Over the last year and a half substantial changes were made to the Pandora listening experience. While we’re constantly improving the playlist algorithm, analyzing new music, etc., it’s rare for Pandora to make such a huge change to the music genome as was completed on our Electronic Music genome. In the last 18 months, not only did we greatly expand the size and quality of our electronic catalog, but we also upgraded the analysis process — reanalyzing over 42,000 tracks along the way.
The analysis upgrade consisted of three steps. The first was enabling the music genome to more accurately catalog the subtleties and compositional techniques of Electronic Music. We did this by recognizing new genes ranging from arpeggiated synthesizers to build-ups and breakdowns. With these new genes in hand there was a nasty problem: none of our previously analyzed tracks contained data for them. The only solution was to go back and reanalyze them. Yes, all 42,000 of them!
This second step in the upgrade process involved a team of music analysts working for over three months. If the average track length was four minutes, that’s over 2,700 hours of music reanalyzed!!! Yes, our ears and brains were quite sore when all was said and done, but we haven’t stopped. Our Electronic Music collection currently contains over 66,000 analyzed tracks.
Anyway, the third and final step in the upgrade was making sense of this new data by adjusting the importance of each gene and how it interacts with its neighbors. This process can best be described as taste testing. We had the basic formula down, but to achieve that seemingly elusive, most delicious blend, took many late nights and countless tweaks. A little heavier on the synth effects and a tad less vocal vibrato, a pinch more harmony and a touch less backbeat…

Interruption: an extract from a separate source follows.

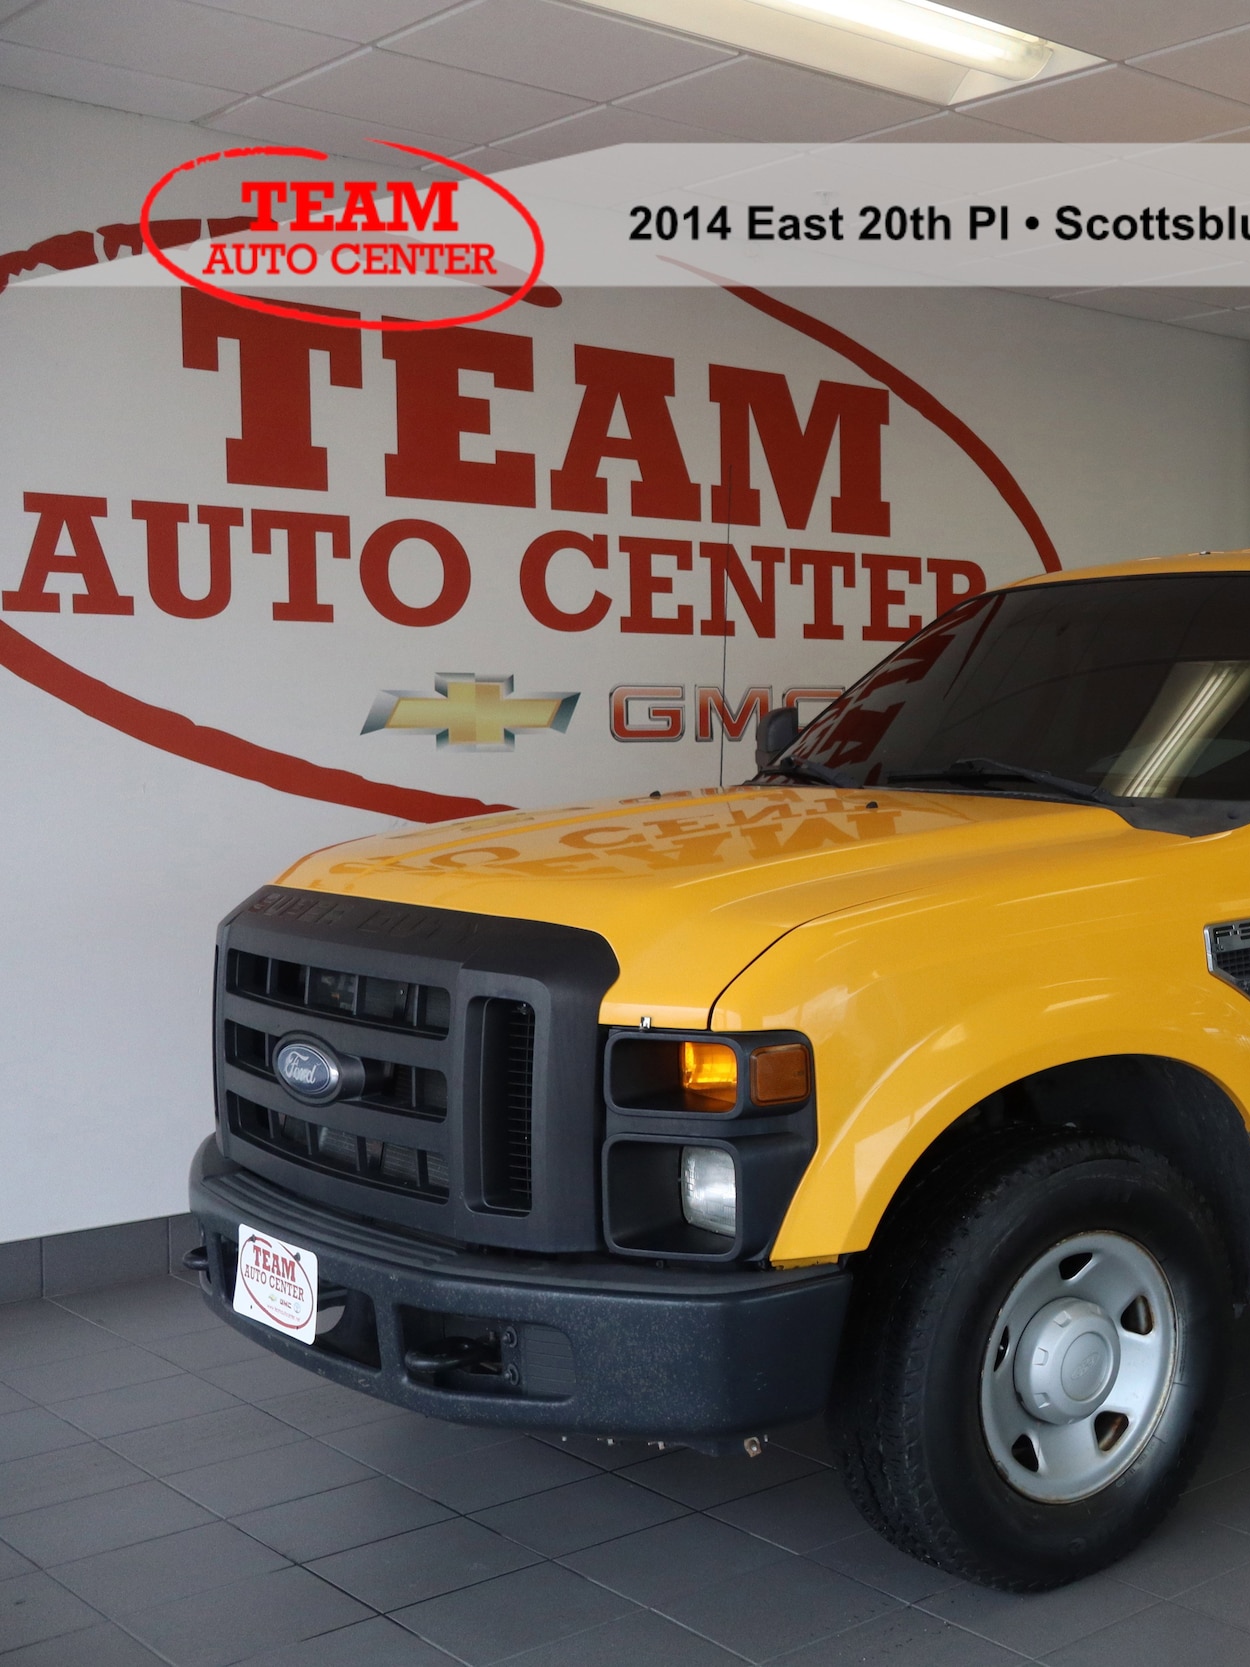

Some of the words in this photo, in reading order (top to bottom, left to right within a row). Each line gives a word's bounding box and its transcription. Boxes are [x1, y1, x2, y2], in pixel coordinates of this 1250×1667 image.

With the Dance Genome now having more dexterity to analyze the electronic soundscape, and the ability to generate more specialized playlists, it was time to populate our collection. The primary aim here was to get a good sampling of everything being spun by DJs in clubs, bumped at backyard BBQs, played in retail locations, or geeked out on headphones — the whole spectrum of Electronic music. With the DJ/Electronic music boutiques and music megastores having migrated to the Internet, to places such as iTunes, Amazon, Beatport, Traxsource, Juno, Stompy, Turntable Lab, DJ Hut (to name just a few… the list could go on), this process was actually quite efficient (and enjoyable!). In our effort to maintain a collection that is deep and diverse, the digital only online boutiques have been essential. Once hard-to-find singles, remixes, unmixed DJ-friendly compilations, instrumental versions of Hip Hop albums, and out of print classics are a few clicks away. Although, at times, I do miss the good ole days of waking up at noon and thumbing through massive stacks of records at Amoeba, Housewares, Primal, or Tweekin’ for a small stack of nuggets… that’s a topic for another time.

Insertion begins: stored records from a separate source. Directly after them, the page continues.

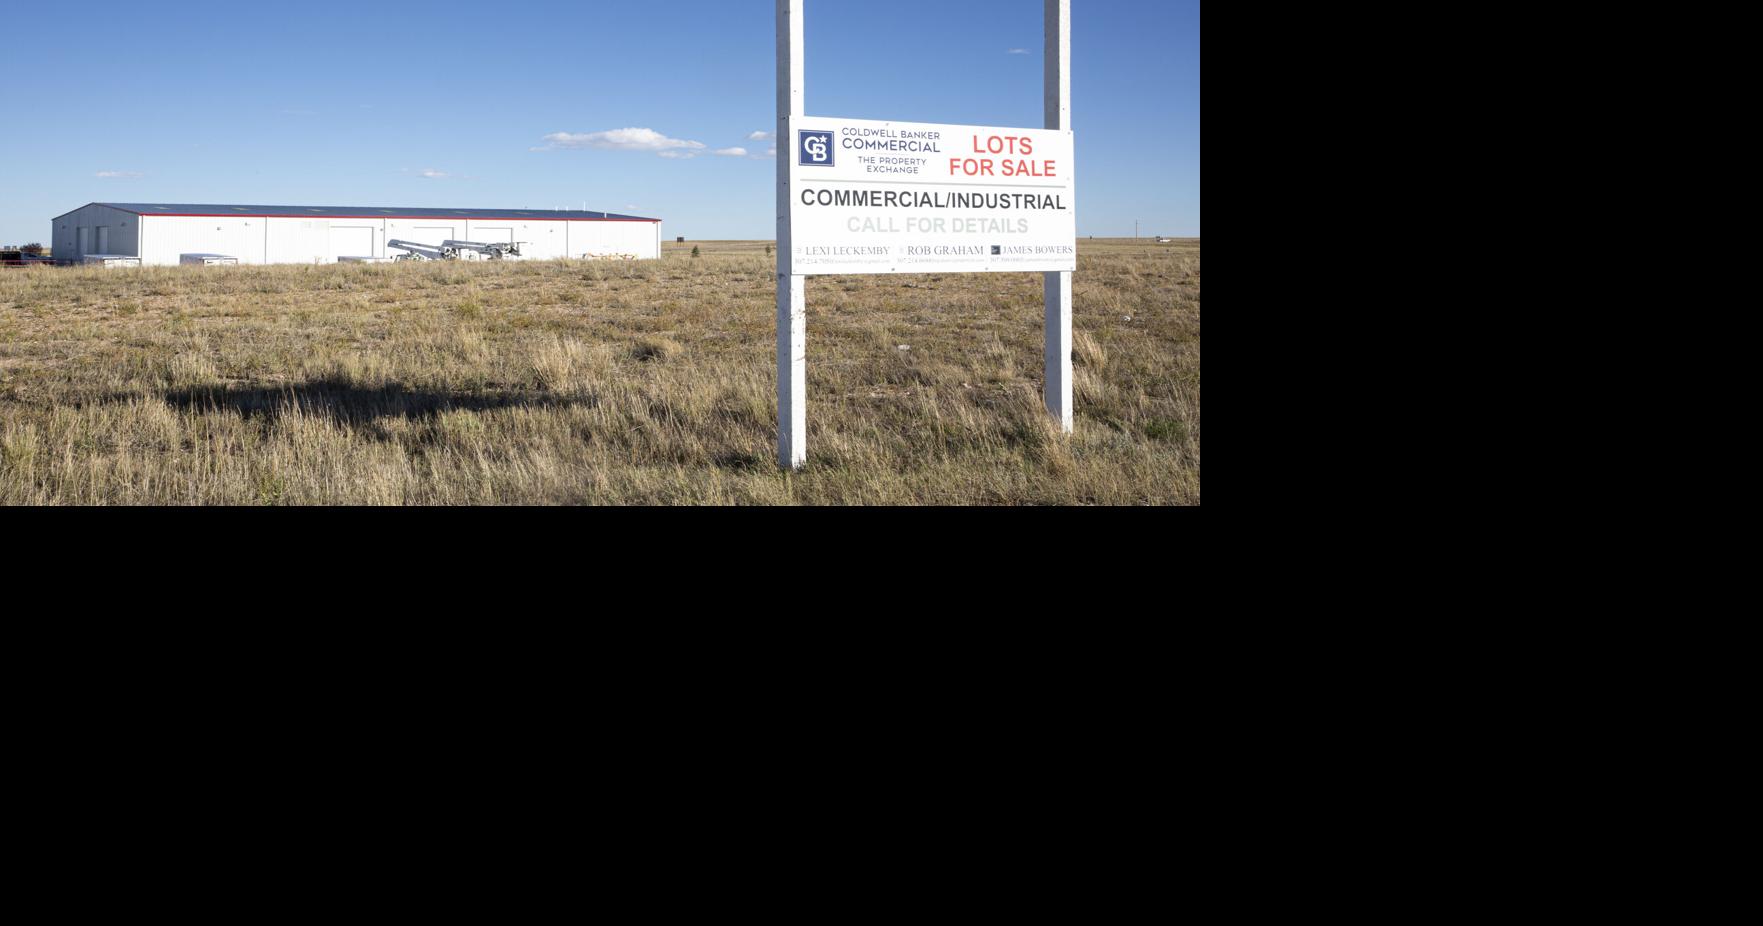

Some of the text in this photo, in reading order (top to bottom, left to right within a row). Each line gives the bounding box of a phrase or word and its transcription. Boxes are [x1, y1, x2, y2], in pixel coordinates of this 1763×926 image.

[842, 127, 941, 140] COLDWELL BANKER
[842, 137, 941, 153] COMMERCIAL
[973, 135, 1033, 155] LOTS
[858, 156, 927, 166] THE PROPERTY
[949, 158, 1057, 177] FOR SALE
[866, 165, 919, 174] EXCHANGE
[801, 189, 1066, 210] COMMERCIAL/INDUSTRIAL
[847, 216, 1028, 234] CALL FOR DETAILS
[805, 245, 891, 256] LEXI LECKEMBY
[907, 245, 984, 256] ROB GRAHAM
[1002, 245, 1073, 255] JAMES BOWERS

Today we are pleased to introduce some fruits of this labor, a new lineup of Electronic/Dance genre stations. They are as follows:
Drum & Bass
Liquid Drum & Bass
Turntablism & Beat Science
Bmore, Bass & Baile
We hope you enjoy listening to these stations as much as we enjoyed curating them. Over the next few months we’ll be making adjustments and fine tuning them a bit. So if you have any feedback, now is the time. Whether it’s on a particular genre station or one of your own stations, please don’t hesitate to share your thoughts.

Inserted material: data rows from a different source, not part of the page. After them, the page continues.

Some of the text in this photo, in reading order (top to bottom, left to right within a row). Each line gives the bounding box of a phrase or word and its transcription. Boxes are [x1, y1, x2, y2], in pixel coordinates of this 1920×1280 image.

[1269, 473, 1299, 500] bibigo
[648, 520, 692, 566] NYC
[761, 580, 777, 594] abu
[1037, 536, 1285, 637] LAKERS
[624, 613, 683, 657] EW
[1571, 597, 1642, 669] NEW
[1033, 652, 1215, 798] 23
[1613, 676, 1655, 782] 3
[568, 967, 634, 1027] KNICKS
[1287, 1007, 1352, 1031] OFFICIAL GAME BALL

Chris Horgan [senior music analyst]
Michael Addicott [dance collection manager]
BTW — This happens to be the first post in a new blog series on Pandora — On the One. Headed by our dynamic duo of Mike Addicott and Chris Horgan, On the One focuses on the worlds of Dance, Electronic, and Rap music. You can expect posts ranging from the newest rhythms and production styles to musical roots and discussions of underground classics. Let the music play!